In the typical sandbox, you set out with a decision of “what do I want to DO?”. Pick a vocation of sorts, or just a type of gameplay, and you can go have at it. Want to be a space tailor? Have at it! Want to be a bar-room dancer? You can still do it, but not as well as you used to. Build ships and sail the open seas, braving the ocean depths with each league? I think you can do that, in a limited fashion at least. You can play a pirate (space or sea), a trader, a craftsman, a bar owner, an entertainer, a warrior, an assassin, a leader, a manager, an economist, or even a farmer in some games. The goal behind the sandbox is to provide you options of how to play in the world. In themeparks your options are more limited, or sometimes it’s the world that’s limited. What happens when a themepark becomes astoundingly huge, and your options of what you want to play are exhaustive?
This is the question I’ve been bouncing around in my skull for the past couple weeks, and I haven’t really come up with a clear answer.
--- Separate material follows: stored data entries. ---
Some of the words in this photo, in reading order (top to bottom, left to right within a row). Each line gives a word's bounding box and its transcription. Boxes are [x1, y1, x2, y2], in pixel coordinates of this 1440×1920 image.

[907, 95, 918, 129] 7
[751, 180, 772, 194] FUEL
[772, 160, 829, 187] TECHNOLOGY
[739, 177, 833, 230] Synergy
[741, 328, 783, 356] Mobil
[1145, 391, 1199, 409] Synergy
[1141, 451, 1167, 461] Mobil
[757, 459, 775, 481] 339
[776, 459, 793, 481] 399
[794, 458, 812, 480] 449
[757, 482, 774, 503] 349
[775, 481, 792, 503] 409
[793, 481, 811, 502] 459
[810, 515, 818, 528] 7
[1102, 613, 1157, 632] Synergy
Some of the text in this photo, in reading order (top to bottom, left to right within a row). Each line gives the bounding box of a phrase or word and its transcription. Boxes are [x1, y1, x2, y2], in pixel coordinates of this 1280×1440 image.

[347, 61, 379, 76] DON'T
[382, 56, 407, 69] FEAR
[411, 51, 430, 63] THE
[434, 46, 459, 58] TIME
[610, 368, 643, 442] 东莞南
If you’ve been reading here recently, I’m sure you realized that the reason I’m wrestling with this conceptual dilemma is because of my recent time in EQ2. This game, by all accounts, would be considered a themepark. You have a strict linear leveling progression, with level appropriate zones, full of quests for soloers to hit the treadmill with and work their way to the cap and partake of dungeons and raids, never looking back at the pitiful places they have left behind. Except none of that is really true. Yes, there is a progression to the game that puts you eventually in dungeons and raids and working on gear acquisition, but there is much more to it as I see things so far.
I’ll start with the most basic and simple thing: visiting old zones is not only required, but often profitable and rewarding. Big quest chains that you will want to do will send you all over the world of Norrath to complete them. As far back as when the game launched this was the case. To finish the prismatic weapon epic quest line, you first had to get the draconic language, which meant doing a quest to find runes scattered throughout the whole world. Epic weapon quests from previous expansions still maintain that requirement. There are updates for some of these quests in old dungeons that are built for characters in their late teens, or early 20’s.
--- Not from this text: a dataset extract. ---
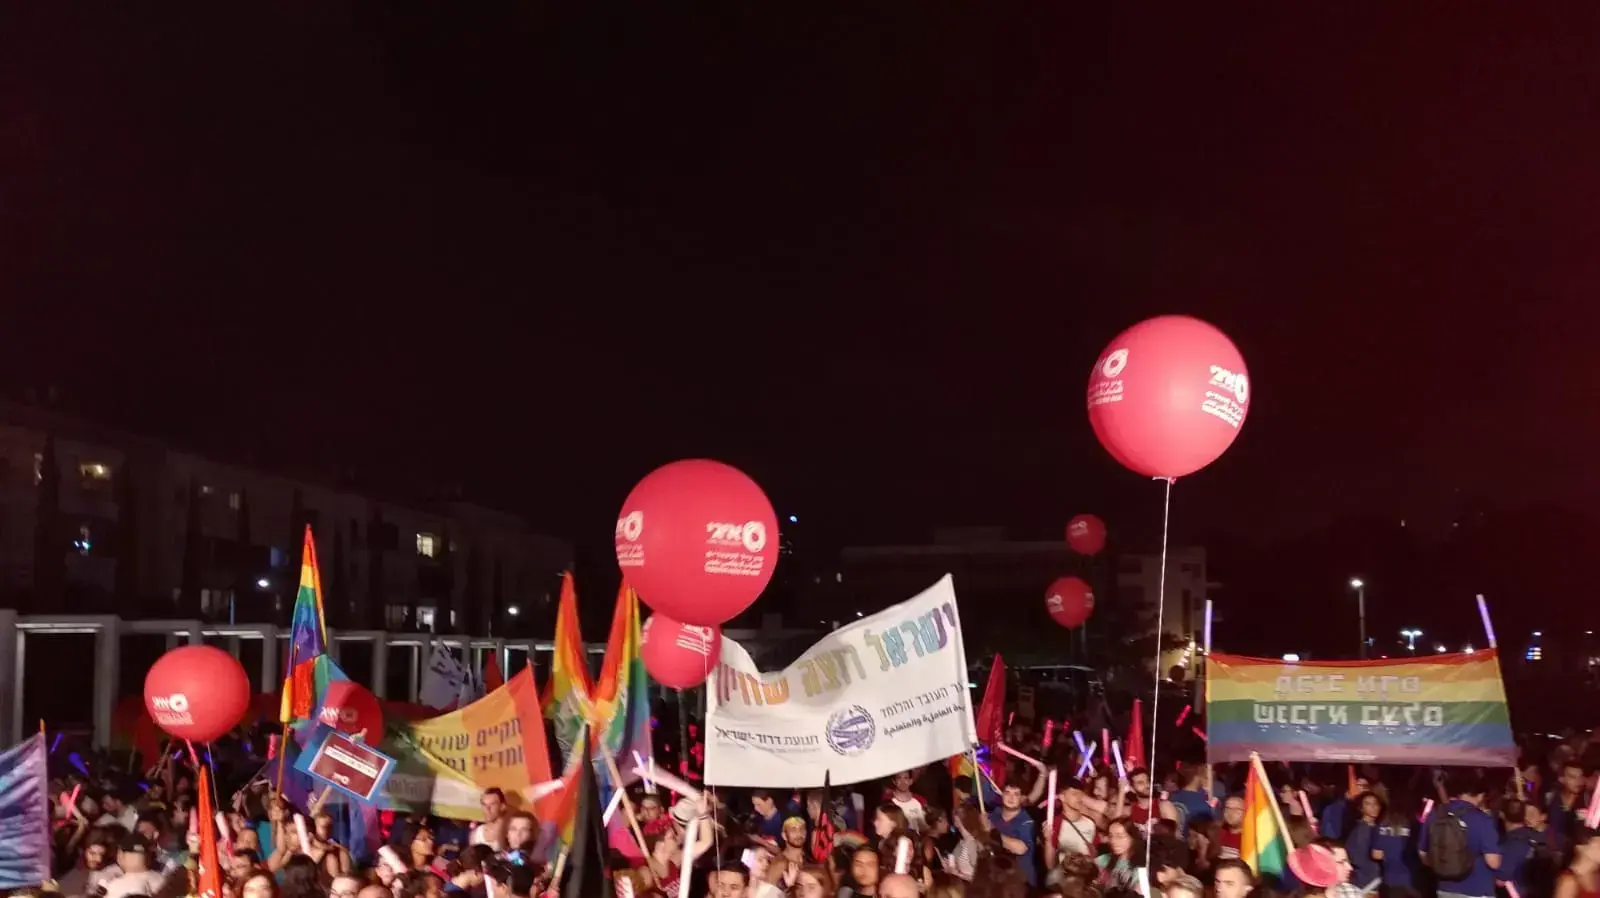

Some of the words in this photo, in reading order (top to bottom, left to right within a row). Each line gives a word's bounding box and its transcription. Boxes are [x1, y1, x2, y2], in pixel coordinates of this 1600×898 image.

And speaking of levels, progression isn’t always linear. Mentoring down a lower level player brings you to their level to help with their EXP gain, as well as let you see old content. Or you can self-mentor for a small fee from special NPCs to go visit old content. You don’t do it just for the shits and giggles of it, or just to see old stuff you haven’t done. There are tangible rewards to coincide with this. Largely in the fashion of one of the secondary leveling tracts – your AA experience. It’s a second layer of level building that you get exp from exploration, killing named mobs, finding special treasure, and completing quests. Going back to lower levels lets you get that exp from those treasure, mobs, and places you may have missed before. Oh, and if you partake in a secondary type of crafting (beyond the primary crafting), then you also get mats for gaining skills that can only be reached through lower level items.
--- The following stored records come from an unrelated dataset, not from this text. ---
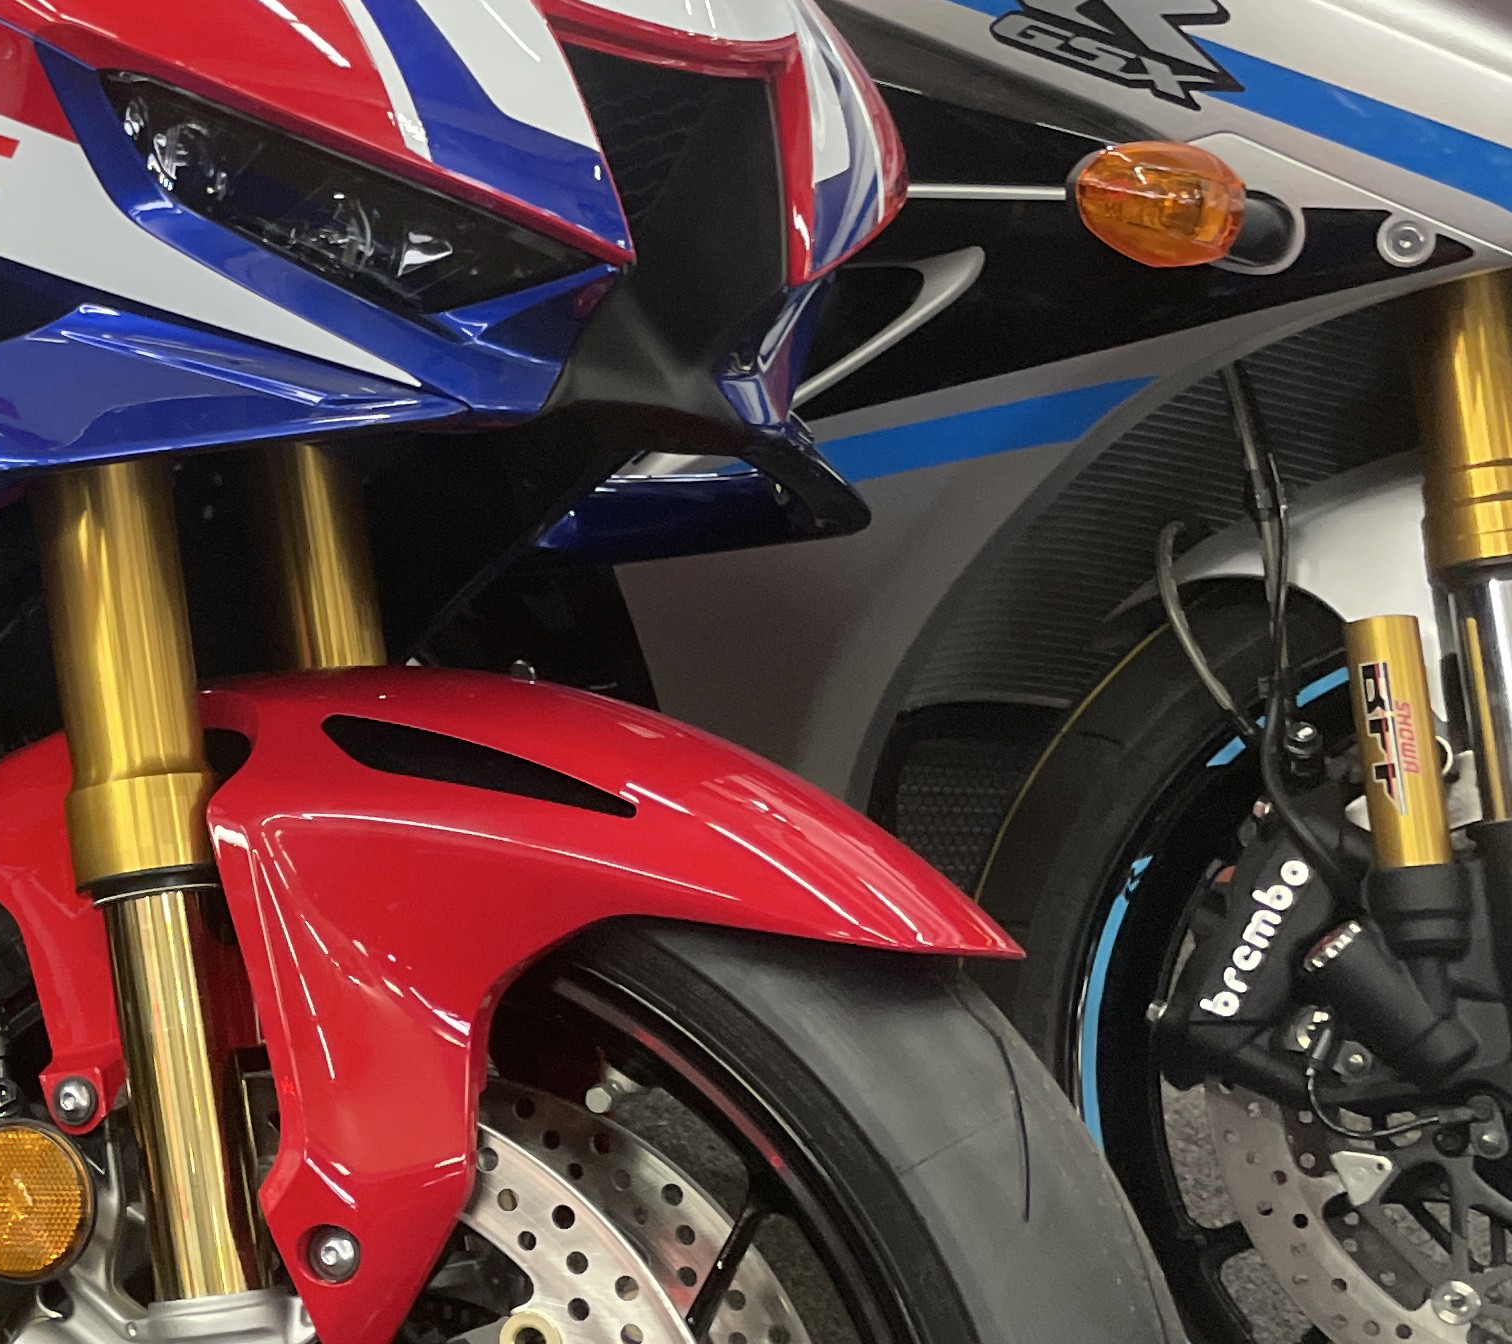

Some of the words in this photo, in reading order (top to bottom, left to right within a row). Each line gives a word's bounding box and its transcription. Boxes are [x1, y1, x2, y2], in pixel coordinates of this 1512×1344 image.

[990, 8, 1202, 112] GSX
[1394, 699, 1420, 775] SHOWA
[1199, 859, 1311, 1019] brembo
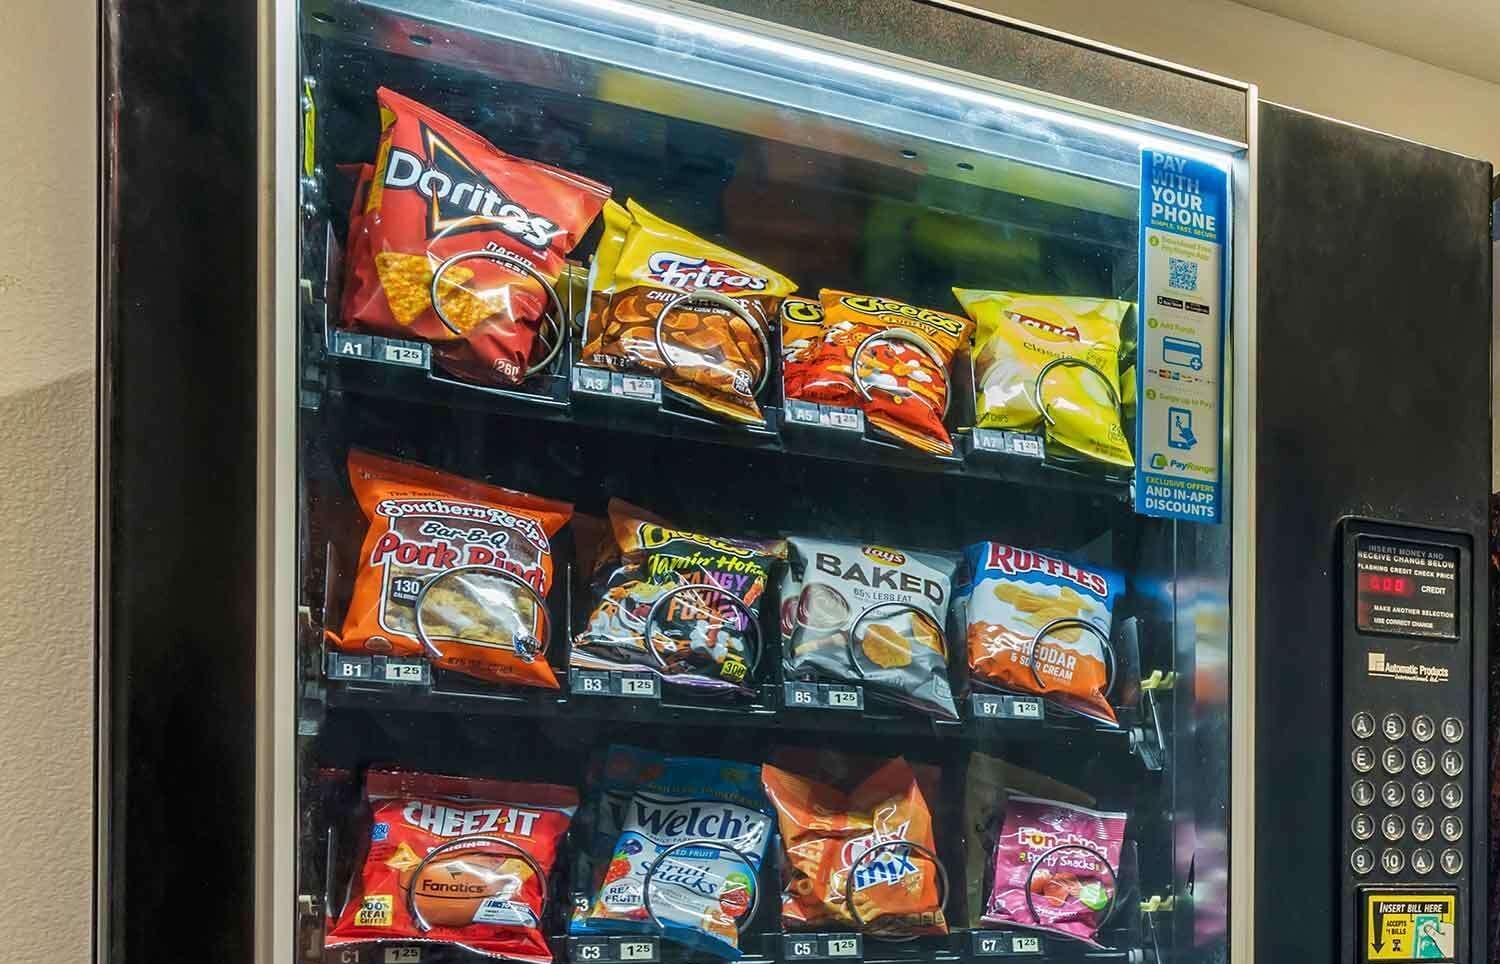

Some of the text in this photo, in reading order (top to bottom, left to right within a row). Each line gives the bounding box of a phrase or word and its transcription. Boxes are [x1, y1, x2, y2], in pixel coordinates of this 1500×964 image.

[1152, 152, 1187, 171] PAY
[1152, 170, 1200, 194] WITH
[386, 149, 556, 248] Doritos
[1152, 186, 1202, 211] YOUR
[1152, 203, 1216, 231] PHONE
[649, 251, 770, 291] Fritos
[842, 297, 964, 336] Cheetos
[343, 341, 363, 355] A1
[585, 379, 604, 391] A3
[1146, 485, 1214, 503] AND IN-APP
[380, 499, 487, 521] Southern
[1145, 498, 1215, 518] DISCOUNTS
[422, 521, 507, 548] Bar-B-Q
[372, 534, 457, 569] Pork
[1368, 545, 1444, 560] INSERT MONEY AND
[1357, 551, 1455, 569] RECEIVE CHANGE BELOW
[987, 541, 1108, 597] RUFFLES
[1390, 566, 1412, 575] CREDIT
[1414, 569, 1434, 578] CHECK
[1436, 572, 1455, 580] PRICE
[394, 579, 419, 594] 130
[816, 552, 944, 606] BAKED
[853, 587, 912, 604] 65% LESS FAT
[1420, 585, 1446, 595] CREDIT
[1373, 604, 1454, 619] MAKE ANOTHER SELECTION
[343, 664, 361, 676] B1
[1042, 664, 1074, 682] CREAM
[1385, 662, 1449, 678] Automatic Products
[584, 678, 602, 691] B3
[795, 691, 811, 704] B5
[983, 702, 998, 715] B7
[1356, 719, 1456, 737] A B C D
[1356, 752, 1456, 770] E F G H
[1358, 787, 1455, 802] 1 2 3 4
[1357, 821, 1455, 836] 5 6 7 8
[688, 848, 714, 858] FRUIT
[1356, 854, 1399, 868] 9 10
[855, 853, 917, 889] mix
[1060, 856, 1096, 872] Snacks
[422, 879, 487, 895] Fanatics
[1379, 901, 1444, 914] INSERT BILL HERE
[1391, 927, 1407, 936] BILLS
[582, 947, 600, 959] C3
[794, 943, 811, 955] C5
[982, 940, 997, 952] C7
[341, 951, 360, 964] C1
There’s also crafting. Which is a second game completely unto itself. Resplendent with its own leveling system, experience gains separate from your adventuring, zones specifically designed for crafting, and quests designed to help you through it. The rewards for the quests are often status – a numerical currency of sorts – and token currency, on top of the crafting experience gain. The two leveling systems often intertwine, with a quest for your adventure frequently needing you to be able to craft, and the acquisition of raw goods is cheaper if you can go out and harvest them safely for yourself. And if you haven’t heard about EQ2’s housing and economy game, then you need to go look it up yourself, because it’s too detailed and varied for me to give even a passing justice to it.
Of course, a lot of this can be accomplished through pre-planning, and knowing the intricacies of the game well in advance. If you know all those different locations at low levels to get the experience for the secondary advancements, you can lock your level and go get them, and you can hoard your lewt to help increase the skills that need them. I won’t lie, this is a common occurrence amongst veterans. But as a new or returning player, ignorant of how to do a lot of these things, it brings much-needed depth and vibrancy to a game world. And honestly, doing things to keep veteran players mucking about in the lower ends of the game for longer periods of time isn’t necessarily a bad thing.
So, when I look back at all of those things to DO in Everquest 2, I have to wonder, if a themepark keeps adding extra things to do, that are a bit of a horizontal expansion, does the game start to venture into sandbox territory? Yes, this game has had the vertical rising common in themeparks, but it’s grown outward as well. Outward AND upward. So, has that drawn line started to become blurred? Was the line even in the right place to begin with?